## Your goal
Where a record holds a picture, leave the picture out; otherwise repeat every record exactly.

## Given data
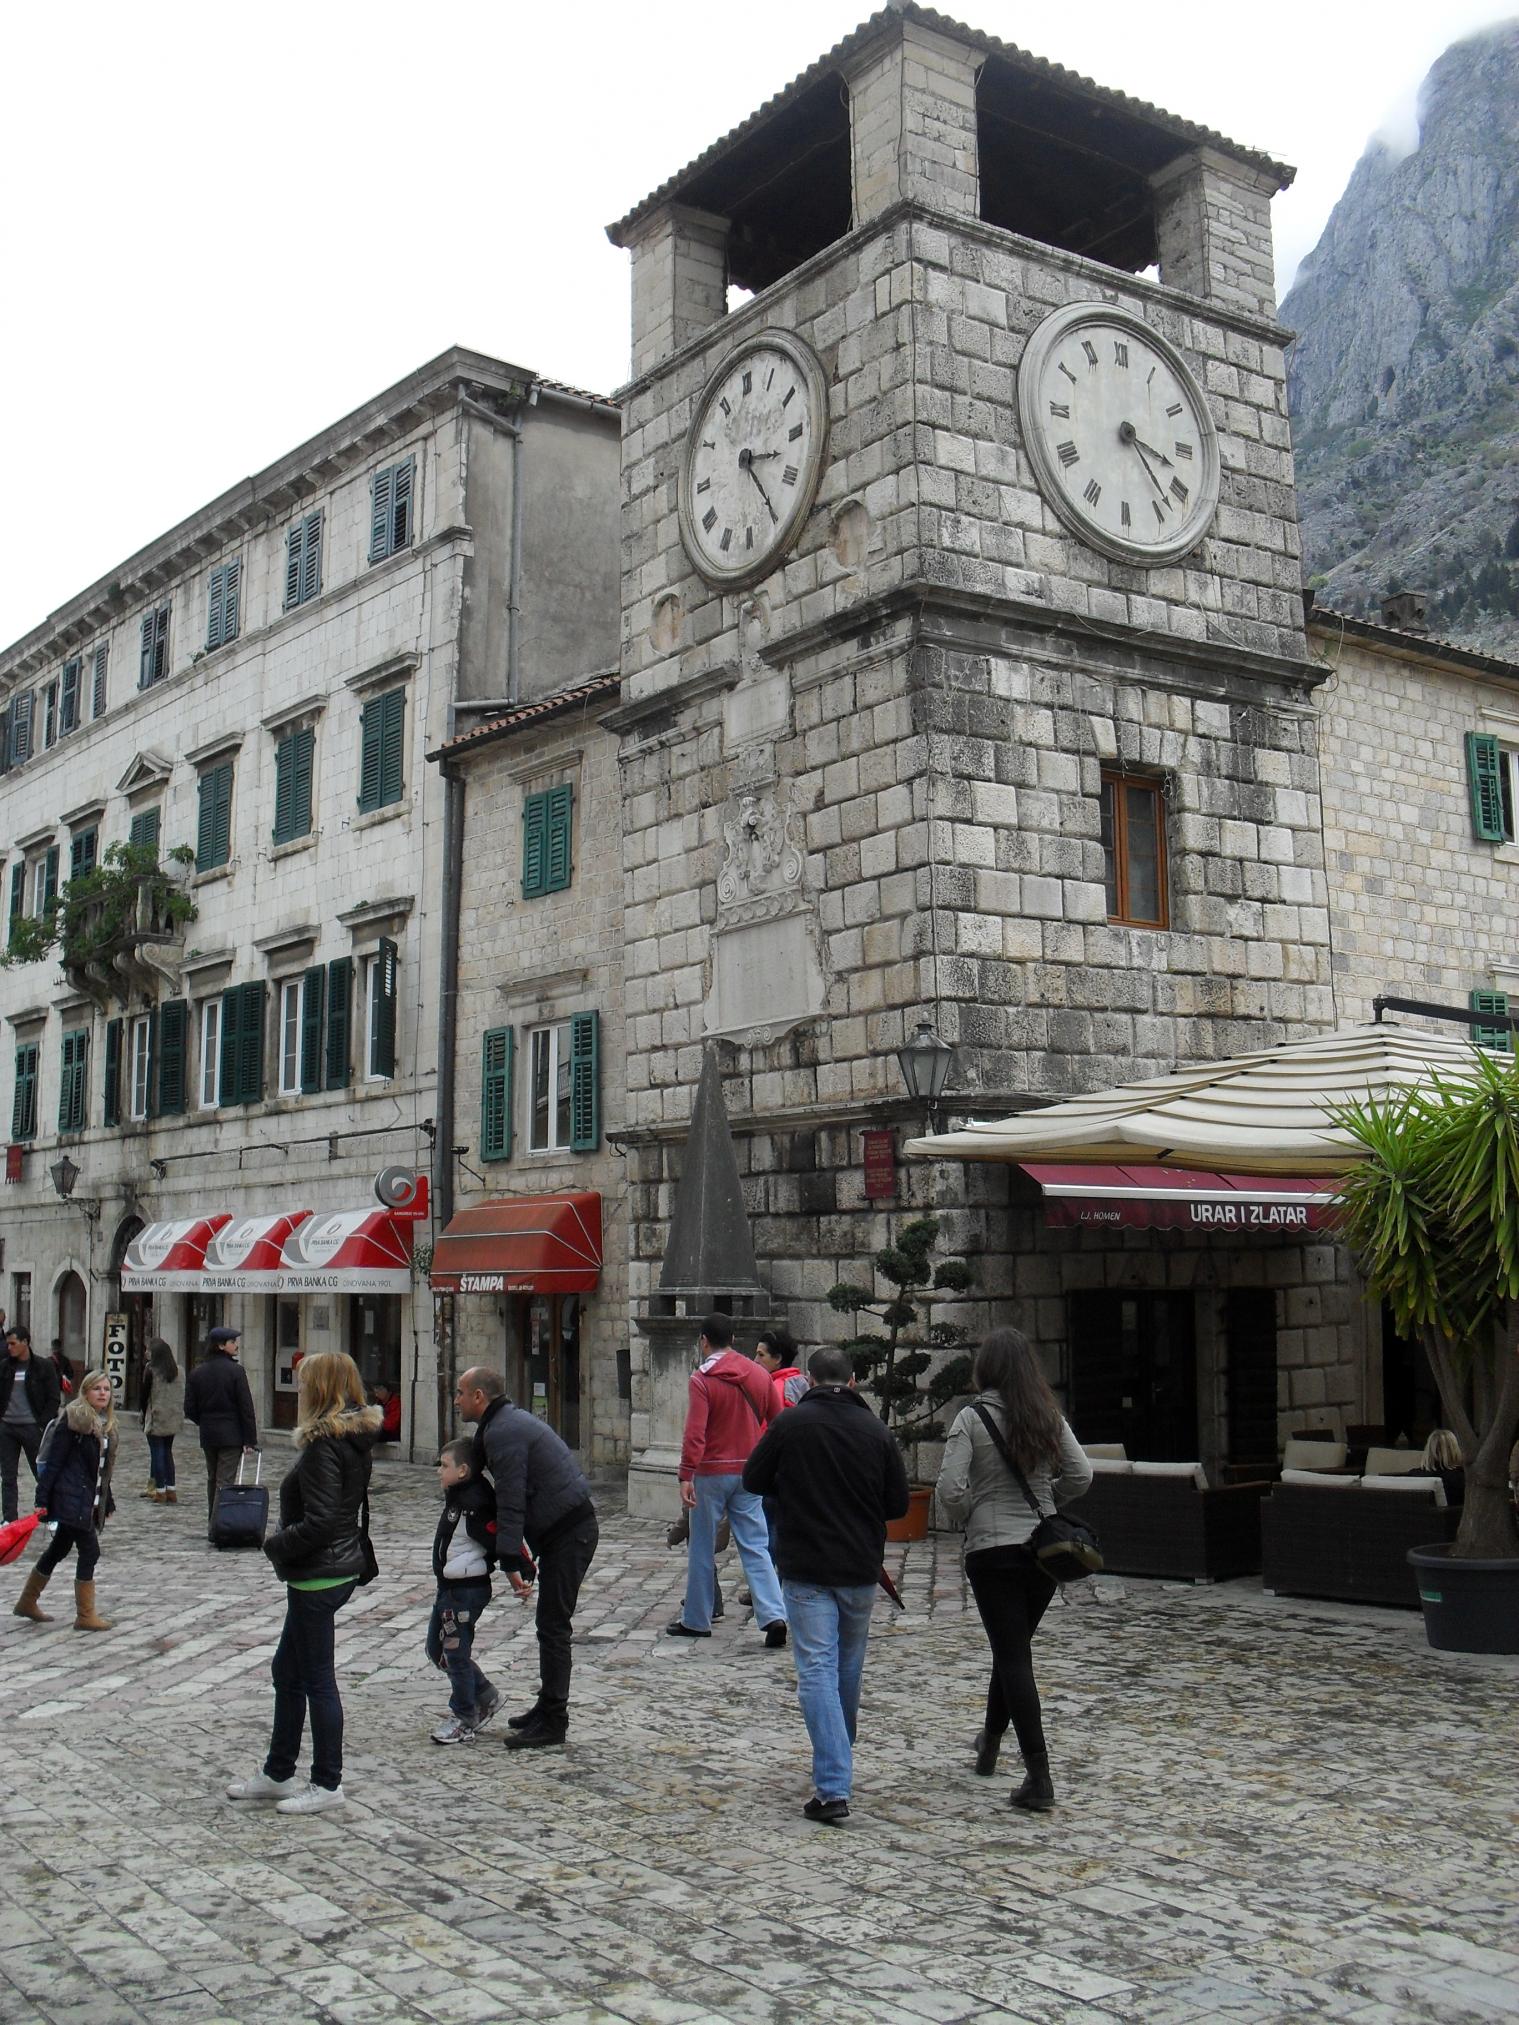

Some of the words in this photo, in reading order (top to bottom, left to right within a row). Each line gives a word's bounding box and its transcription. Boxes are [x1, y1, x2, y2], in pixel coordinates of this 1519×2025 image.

[1114, 341, 1129, 369] XII
[1058, 362, 1077, 385] X
[1166, 403, 1183, 418] II
[702, 440, 716, 450] X
[1190, 1204, 1237, 1223] URAR
[1241, 1207, 1246, 1223] I
[1250, 1206, 1308, 1224] ZLATAR
[128, 1277, 141, 1287] PRVA
[140, 1277, 158, 1287] BANKA
[158, 1277, 167, 1287] CG
[202, 1277, 217, 1288] PRVA
[217, 1277, 236, 1288] BANKA
[236, 1277, 246, 1288] CG
[287, 1276, 303, 1287] PRVA
[304, 1276, 327, 1287] BANKA
[328, 1276, 338, 1287] CG
[460, 1274, 504, 1292] ŠTAMPA
[107, 1324, 126, 1389] FOTO

## Your response
Some of the words in this photo, in reading order (top to bottom, left to right within a row). Each line gives a word's bounding box and its transcription. Boxes are [x1, y1, x2, y2], in pixel coordinates of this 1519×2025 image.

[1114, 341, 1129, 369] XII
[1058, 362, 1077, 385] X
[1166, 403, 1183, 418] II
[702, 440, 716, 450] X
[1190, 1204, 1237, 1223] URAR
[1241, 1207, 1246, 1223] I
[1250, 1206, 1308, 1224] ZLATAR
[128, 1277, 141, 1287] PRVA
[140, 1277, 158, 1287] BANKA
[158, 1277, 167, 1287] CG
[202, 1277, 217, 1288] PRVA
[217, 1277, 236, 1288] BANKA
[236, 1277, 246, 1288] CG
[287, 1276, 303, 1287] PRVA
[304, 1276, 327, 1287] BANKA
[328, 1276, 338, 1287] CG
[460, 1274, 504, 1292] ŠTAMPA
[107, 1324, 126, 1389] FOTO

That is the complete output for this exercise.